## Work task:
Strip out the pictures and transcribe the records that follow exactly.

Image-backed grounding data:
▽

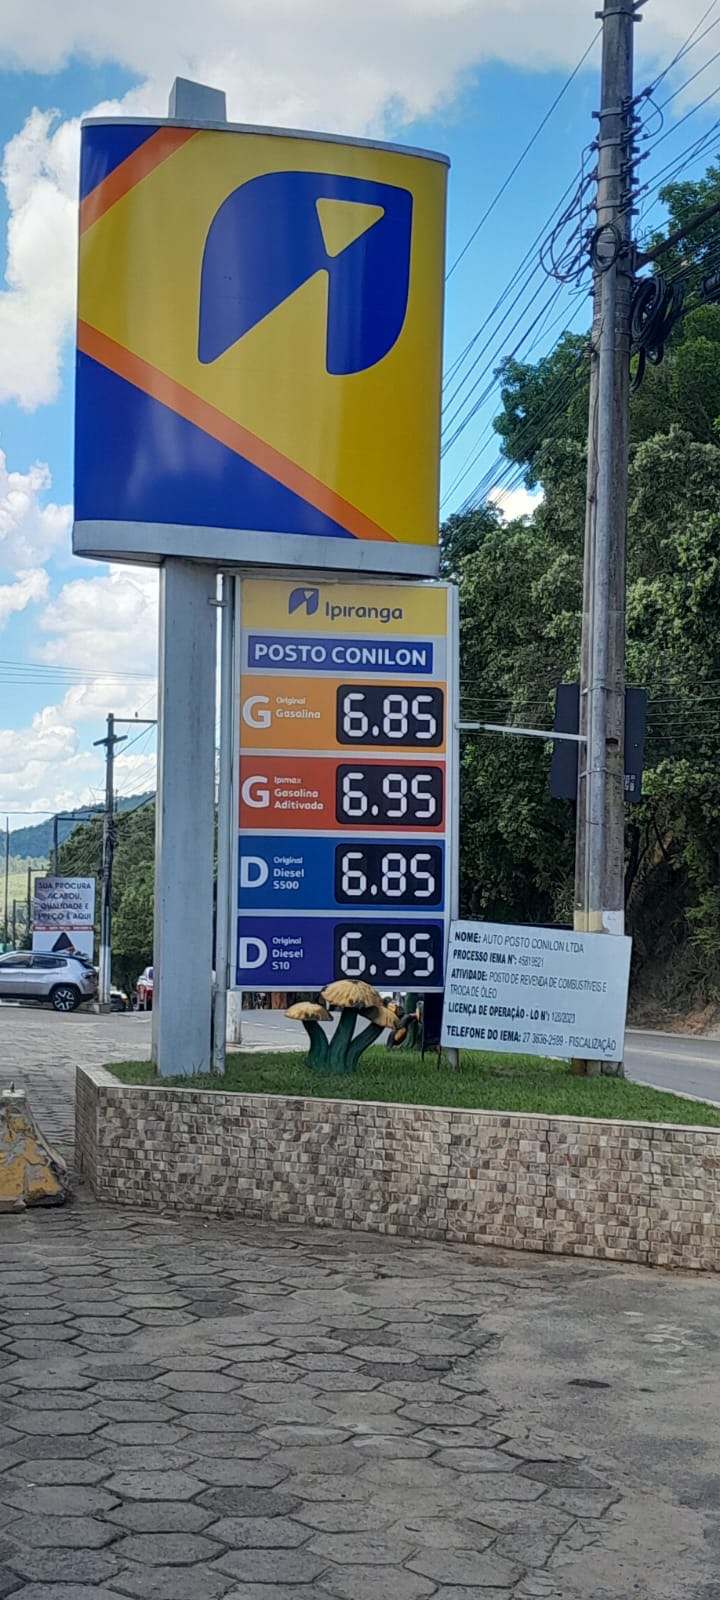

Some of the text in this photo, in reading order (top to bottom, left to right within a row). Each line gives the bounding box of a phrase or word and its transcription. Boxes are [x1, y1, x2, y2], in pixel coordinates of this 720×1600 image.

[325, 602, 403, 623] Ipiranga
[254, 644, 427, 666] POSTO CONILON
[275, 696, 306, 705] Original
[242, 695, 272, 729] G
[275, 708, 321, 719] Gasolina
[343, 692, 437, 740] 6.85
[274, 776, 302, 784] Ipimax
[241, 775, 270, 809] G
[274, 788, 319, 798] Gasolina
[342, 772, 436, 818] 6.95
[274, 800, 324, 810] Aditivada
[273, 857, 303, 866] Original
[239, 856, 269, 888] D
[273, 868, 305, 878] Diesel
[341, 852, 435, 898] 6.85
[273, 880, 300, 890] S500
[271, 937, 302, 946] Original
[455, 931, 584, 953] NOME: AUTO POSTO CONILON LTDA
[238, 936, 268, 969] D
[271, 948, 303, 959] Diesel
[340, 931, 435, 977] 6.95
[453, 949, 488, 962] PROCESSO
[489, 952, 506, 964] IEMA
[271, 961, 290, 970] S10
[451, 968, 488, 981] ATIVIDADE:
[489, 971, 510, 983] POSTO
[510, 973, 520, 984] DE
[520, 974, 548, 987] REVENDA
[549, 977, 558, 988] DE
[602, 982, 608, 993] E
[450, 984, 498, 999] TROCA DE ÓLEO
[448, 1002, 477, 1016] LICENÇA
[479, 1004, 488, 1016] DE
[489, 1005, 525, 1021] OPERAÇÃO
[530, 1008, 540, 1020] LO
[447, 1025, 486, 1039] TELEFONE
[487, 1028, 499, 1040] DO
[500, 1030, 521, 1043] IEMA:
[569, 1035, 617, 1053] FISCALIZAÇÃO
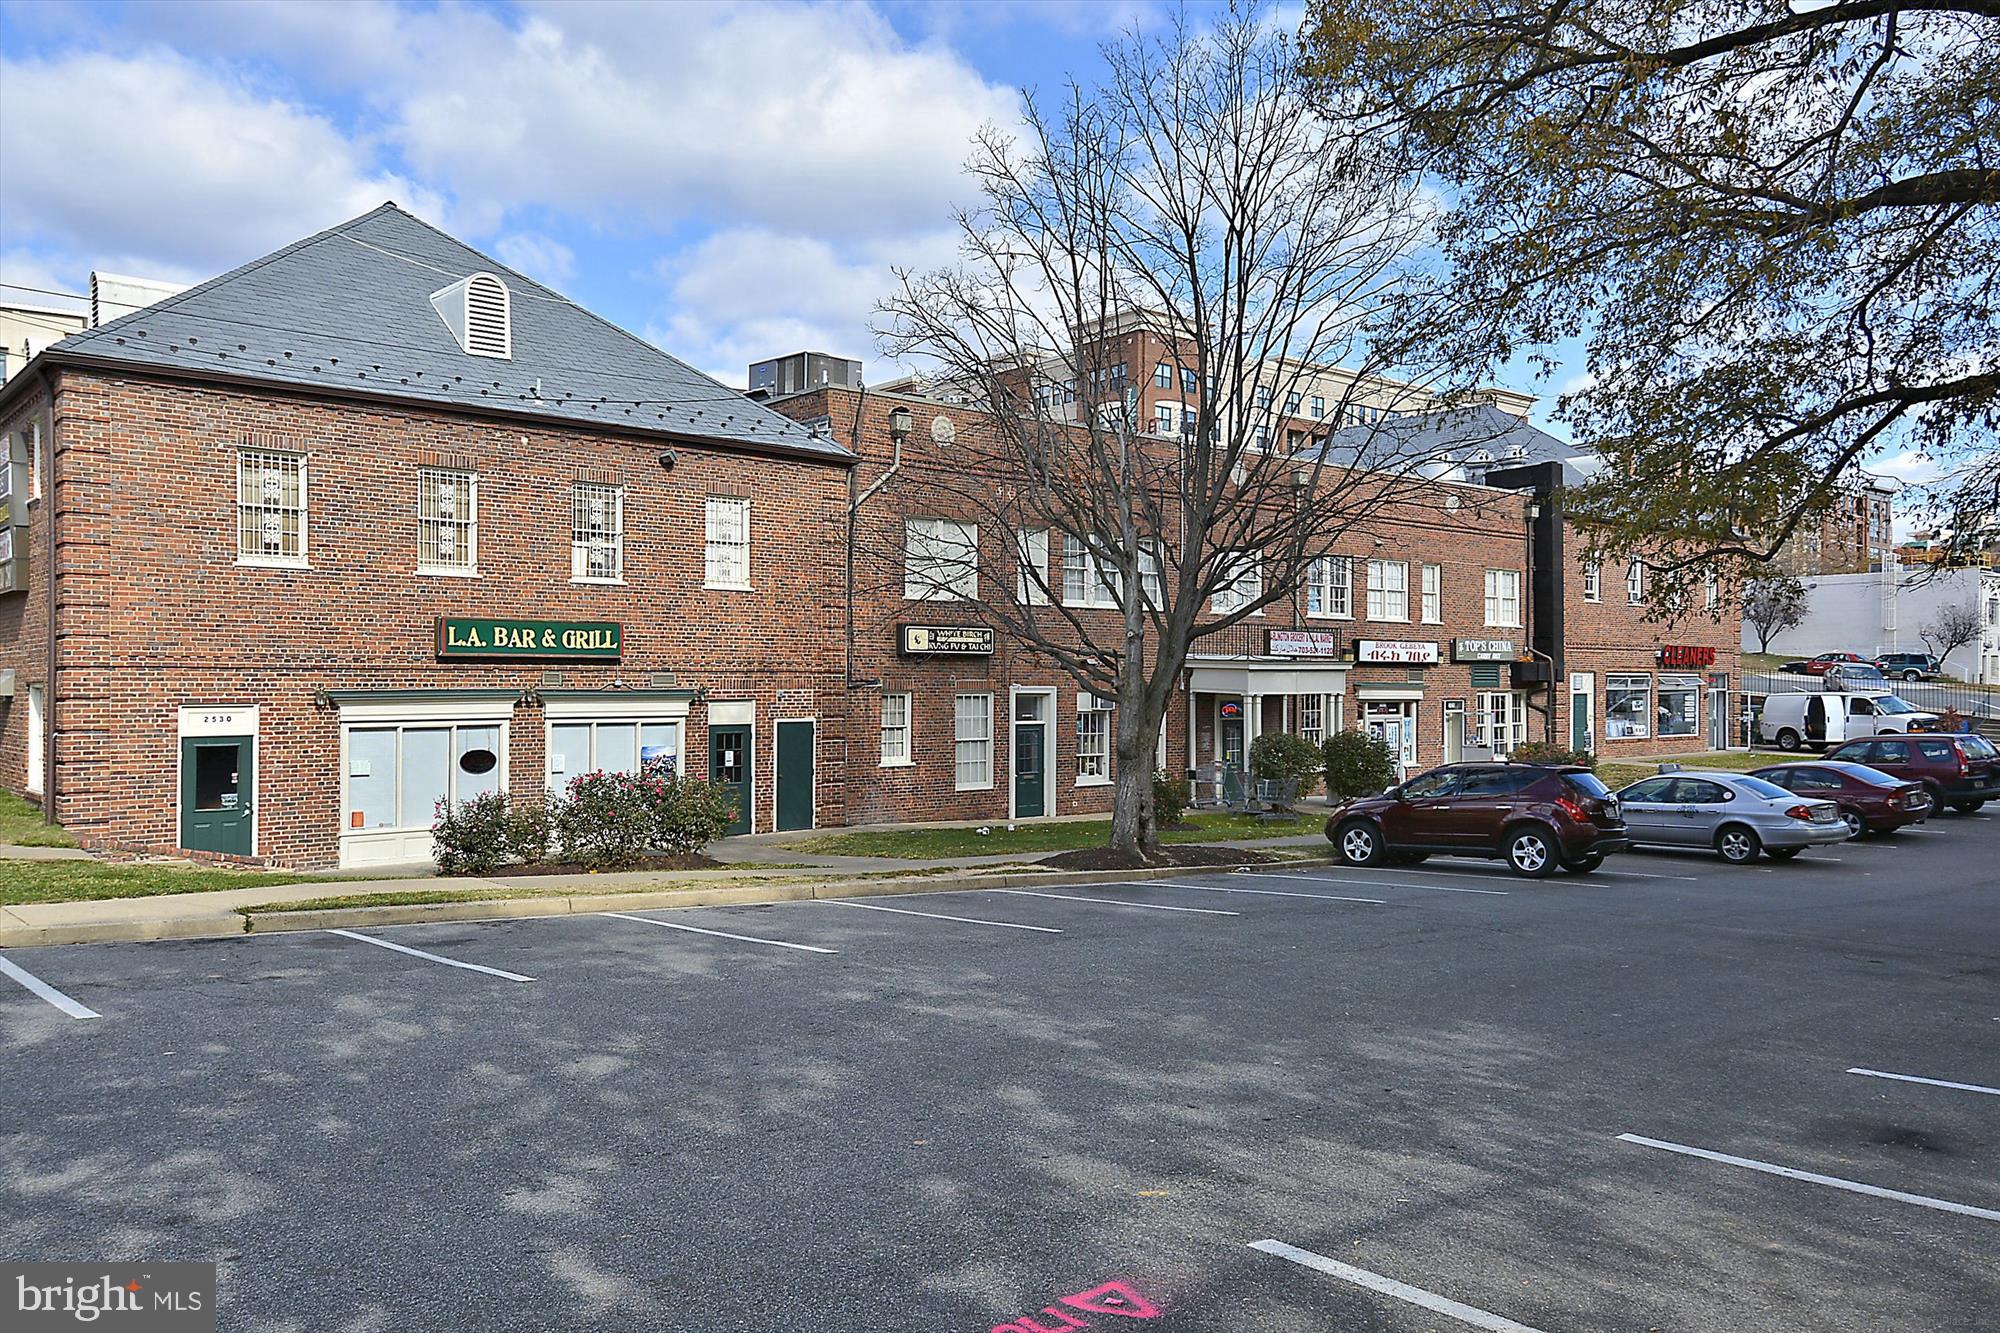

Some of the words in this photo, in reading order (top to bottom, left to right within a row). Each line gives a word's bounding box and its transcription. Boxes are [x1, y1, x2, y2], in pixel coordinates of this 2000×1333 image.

△

## Solution to the problem:
Some of the text in this photo, in reading order (top to bottom, left to right within a row). Each line gives the bounding box of a phrase or word and its transcription. Boxes are [x1, y1, x2, y2], in pixel coordinates of this 720×1600 image.

[325, 602, 403, 623] Ipiranga
[254, 644, 427, 666] POSTO CONILON
[275, 696, 306, 705] Original
[242, 695, 272, 729] G
[275, 708, 321, 719] Gasolina
[343, 692, 437, 740] 6.85
[274, 776, 302, 784] Ipimax
[241, 775, 270, 809] G
[274, 788, 319, 798] Gasolina
[342, 772, 436, 818] 6.95
[274, 800, 324, 810] Aditivada
[273, 857, 303, 866] Original
[239, 856, 269, 888] D
[273, 868, 305, 878] Diesel
[341, 852, 435, 898] 6.85
[273, 880, 300, 890] S500
[271, 937, 302, 946] Original
[455, 931, 584, 953] NOME: AUTO POSTO CONILON LTDA
[238, 936, 268, 969] D
[271, 948, 303, 959] Diesel
[340, 931, 435, 977] 6.95
[453, 949, 488, 962] PROCESSO
[489, 952, 506, 964] IEMA
[271, 961, 290, 970] S10
[451, 968, 488, 981] ATIVIDADE:
[489, 971, 510, 983] POSTO
[510, 973, 520, 984] DE
[520, 974, 548, 987] REVENDA
[549, 977, 558, 988] DE
[602, 982, 608, 993] E
[450, 984, 498, 999] TROCA DE ÓLEO
[448, 1002, 477, 1016] LICENÇA
[479, 1004, 488, 1016] DE
[489, 1005, 525, 1021] OPERAÇÃO
[530, 1008, 540, 1020] LO
[447, 1025, 486, 1039] TELEFONE
[487, 1028, 499, 1040] DO
[500, 1030, 521, 1043] IEMA:
[569, 1035, 617, 1053] FISCALIZAÇÃO

Some of the words in this photo, in reading order (top to bottom, left to right within a row). Each line gives a word's bounding box and its transcription. Boxes are [x1, y1, x2, y2], in pixel coordinates of this 2000×1333 image.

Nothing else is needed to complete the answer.